Meager?

I hear a lot of seniors complain about their meager income but I, for one, am looking forward to my monthly Old Age Pension cheques that start this month. I am overwhelmed with gratitude that my government is going to send me enough to live on just because I’m 65 years old.

For many people it is not enough to live on but for a lot of complainers….. it is. Let me tell you….. after living on an extremely meager income this OAP (Old Age Pension) is going to be the most secure I’ve ever been; the best income I’ve ever had.

Now mind you, I do own my house. When I separated from my husband I received a settlement. With most of it I bought a house and then could work part-time. I’m so glad I did that. If I had taken that settlement and got an apartment I would be in deep shit now because that money would be long gone. I would be looking at most of my pension going to rent.

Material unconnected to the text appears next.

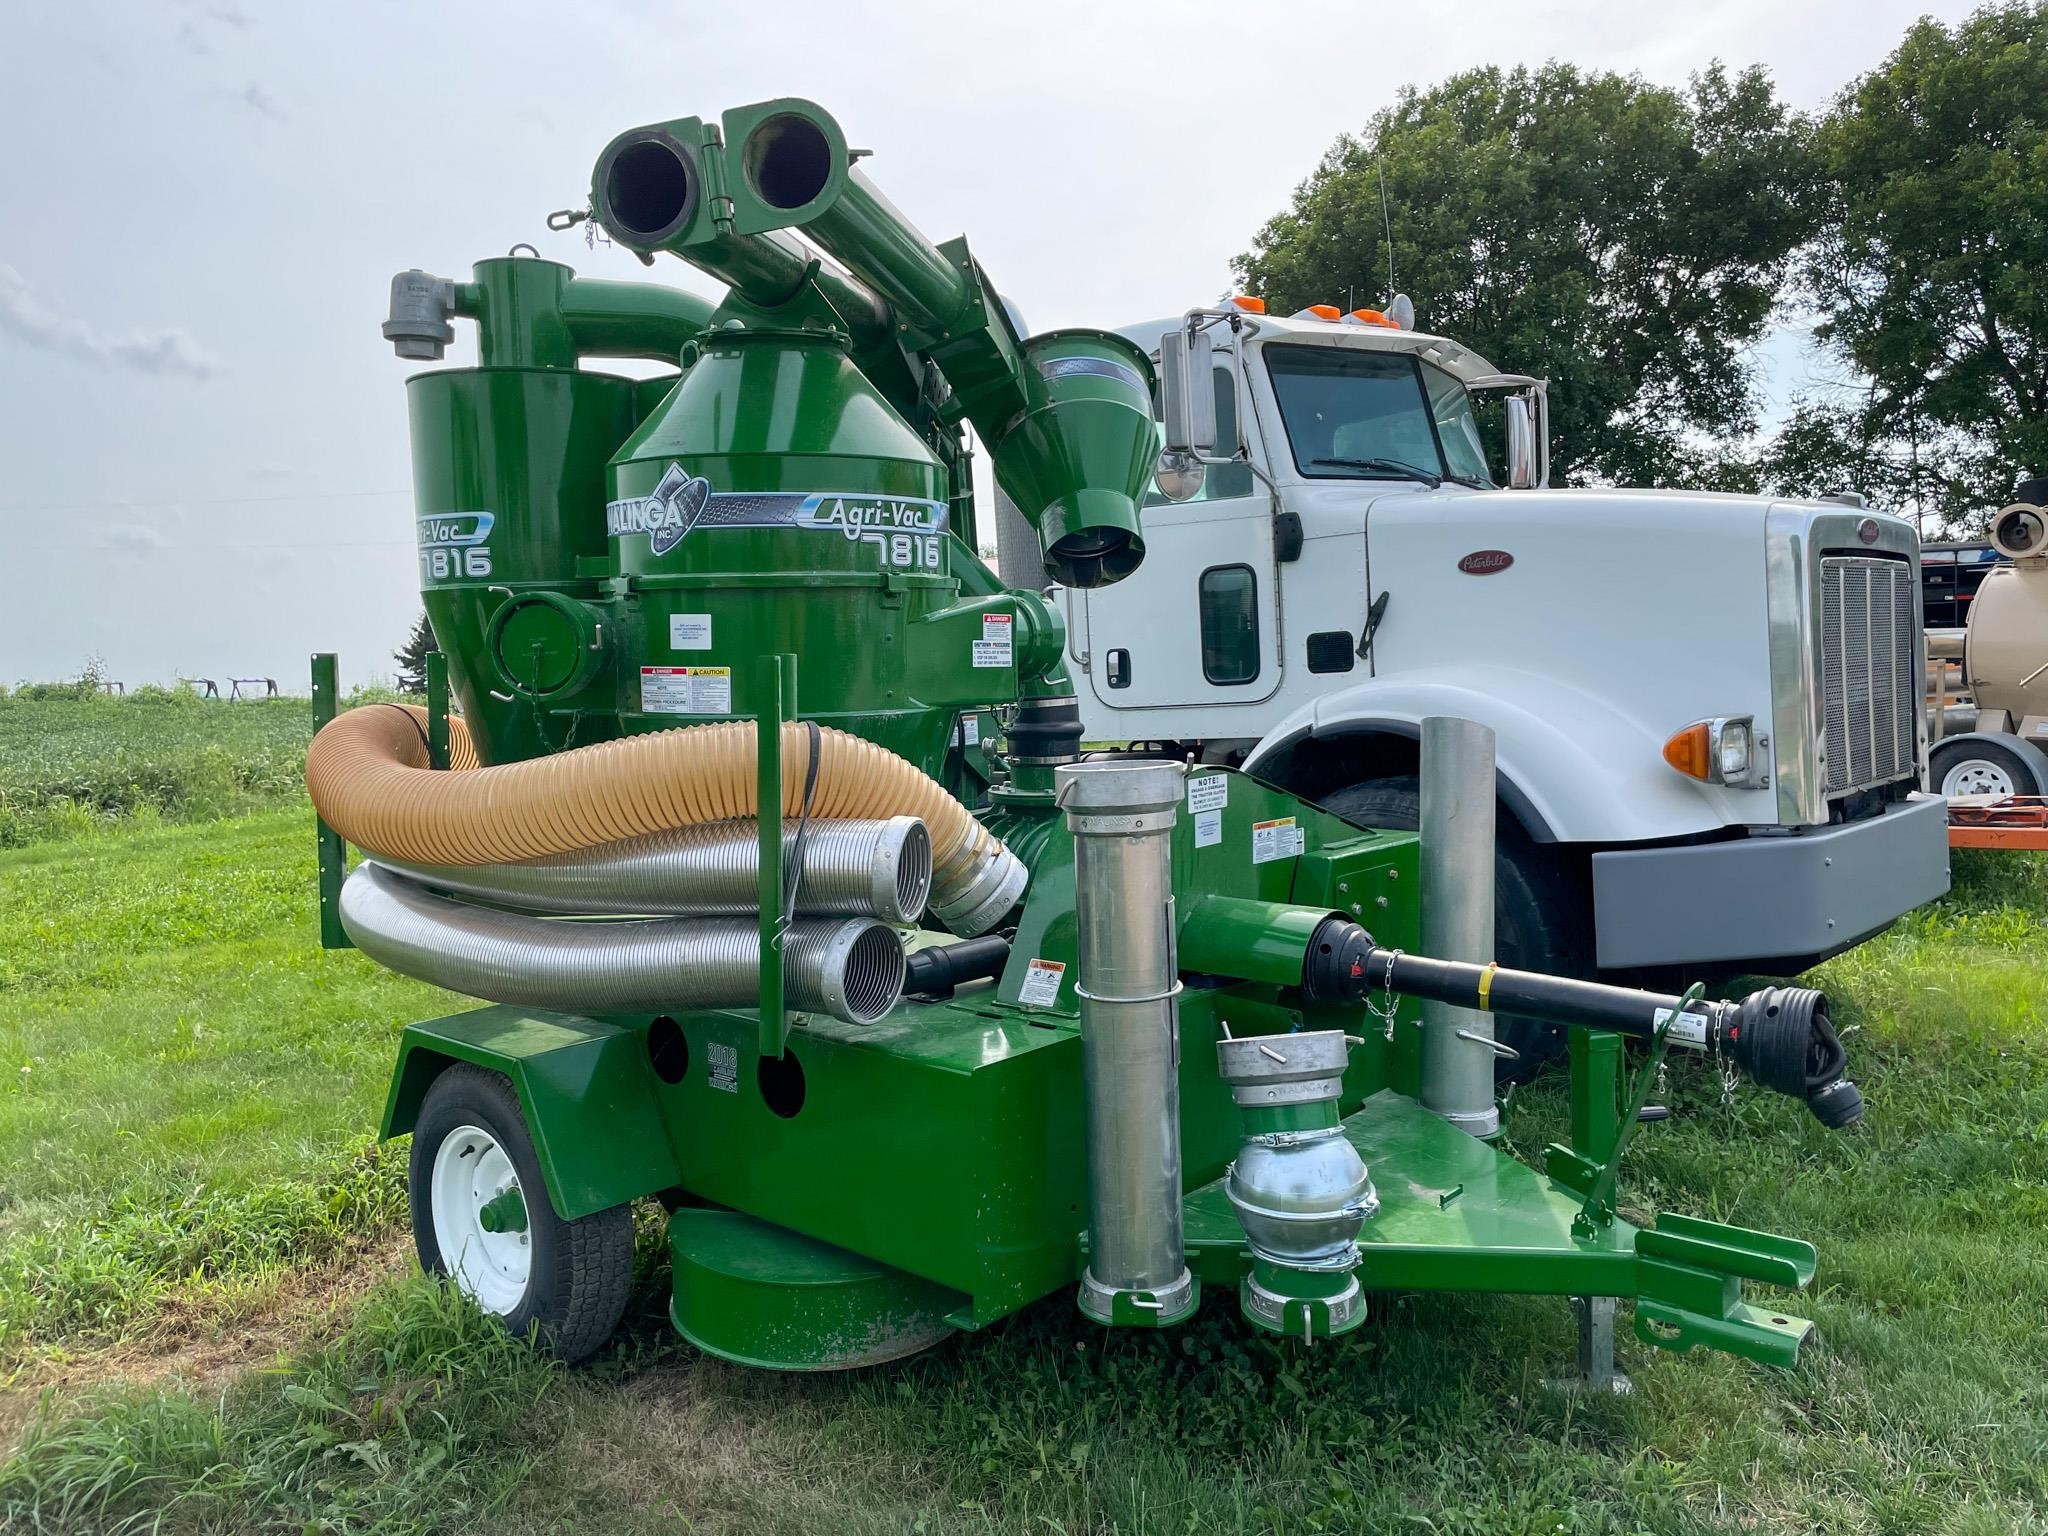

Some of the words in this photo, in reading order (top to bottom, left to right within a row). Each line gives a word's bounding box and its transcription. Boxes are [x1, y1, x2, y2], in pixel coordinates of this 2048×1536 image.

There are advantages to being poor.  I will receive a supplement because I have no other pensions and I also am eligible for a break on my electricity bill for being low-income. Yesterday I received a letter saying I’m eligible for another $83 supplement because ‘low income’.

I don’t feel poor. I feel like I’m so freaking lucky I can hardly believe it.

Yesterday someone asked me if I was going somewhere warm this winter and I said “I can’t afford it.” and I don’t care that I can’t afford it. I’ll be somewhere warm…. my livingroom! I have a propane furnace but I also have a wood-stove so I can get my livingroom hot if I want to. I can afford to keep my satellite TV and eat my favourite foods.

Now it just sounds like I’m bragging but that’s not what I started out to say. I was in the lunch room last week and woman who was retired but back at work was complaining about the meager OAP. She said, in a very bitter voice; “They say they are going to give us a raise but it’s only $120.”

Oh god this bugs me. You are getting a pension and have free medical care…… do you know how damn lucky you are?!  Are complaining that you don’t have enough ‘disposable income’ or can’t go ‘somewhere warm’ for the winter?

Do you know how many people in the world have nothing? In many countries there is no old age pension. In the great country of America you may not have access to the best medical care. What we call meager is wealth in a third world country.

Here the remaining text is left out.